*TASK INSTRUCTIONS*
Reproduce the whole listing, keeping each line as it is.

= = = =

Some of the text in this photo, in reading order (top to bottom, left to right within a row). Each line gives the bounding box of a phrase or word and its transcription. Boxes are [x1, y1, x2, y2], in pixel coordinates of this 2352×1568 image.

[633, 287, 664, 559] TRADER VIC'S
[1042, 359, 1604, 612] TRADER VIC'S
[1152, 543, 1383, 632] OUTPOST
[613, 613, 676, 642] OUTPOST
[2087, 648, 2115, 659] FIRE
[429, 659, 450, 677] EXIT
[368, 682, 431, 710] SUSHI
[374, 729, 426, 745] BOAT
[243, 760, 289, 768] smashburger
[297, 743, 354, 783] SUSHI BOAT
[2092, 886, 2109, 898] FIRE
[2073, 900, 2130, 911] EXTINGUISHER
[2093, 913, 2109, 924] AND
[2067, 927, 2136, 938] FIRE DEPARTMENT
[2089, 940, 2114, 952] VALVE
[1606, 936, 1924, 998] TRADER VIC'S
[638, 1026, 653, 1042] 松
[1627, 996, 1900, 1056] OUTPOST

= = = =

*OUTPUT FOR THIS TASK*
Some of the text in this photo, in reading order (top to bottom, left to right within a row). Each line gives the bounding box of a phrase or word and its transcription. Boxes are [x1, y1, x2, y2], in pixel coordinates of this 2352×1568 image.

[633, 287, 664, 559] TRADER VIC'S
[1042, 359, 1604, 612] TRADER VIC'S
[1152, 543, 1383, 632] OUTPOST
[613, 613, 676, 642] OUTPOST
[2087, 648, 2115, 659] FIRE
[429, 659, 450, 677] EXIT
[368, 682, 431, 710] SUSHI
[374, 729, 426, 745] BOAT
[243, 760, 289, 768] smashburger
[297, 743, 354, 783] SUSHI BOAT
[2092, 886, 2109, 898] FIRE
[2073, 900, 2130, 911] EXTINGUISHER
[2093, 913, 2109, 924] AND
[2067, 927, 2136, 938] FIRE DEPARTMENT
[2089, 940, 2114, 952] VALVE
[1606, 936, 1924, 998] TRADER VIC'S
[638, 1026, 653, 1042] 松
[1627, 996, 1900, 1056] OUTPOST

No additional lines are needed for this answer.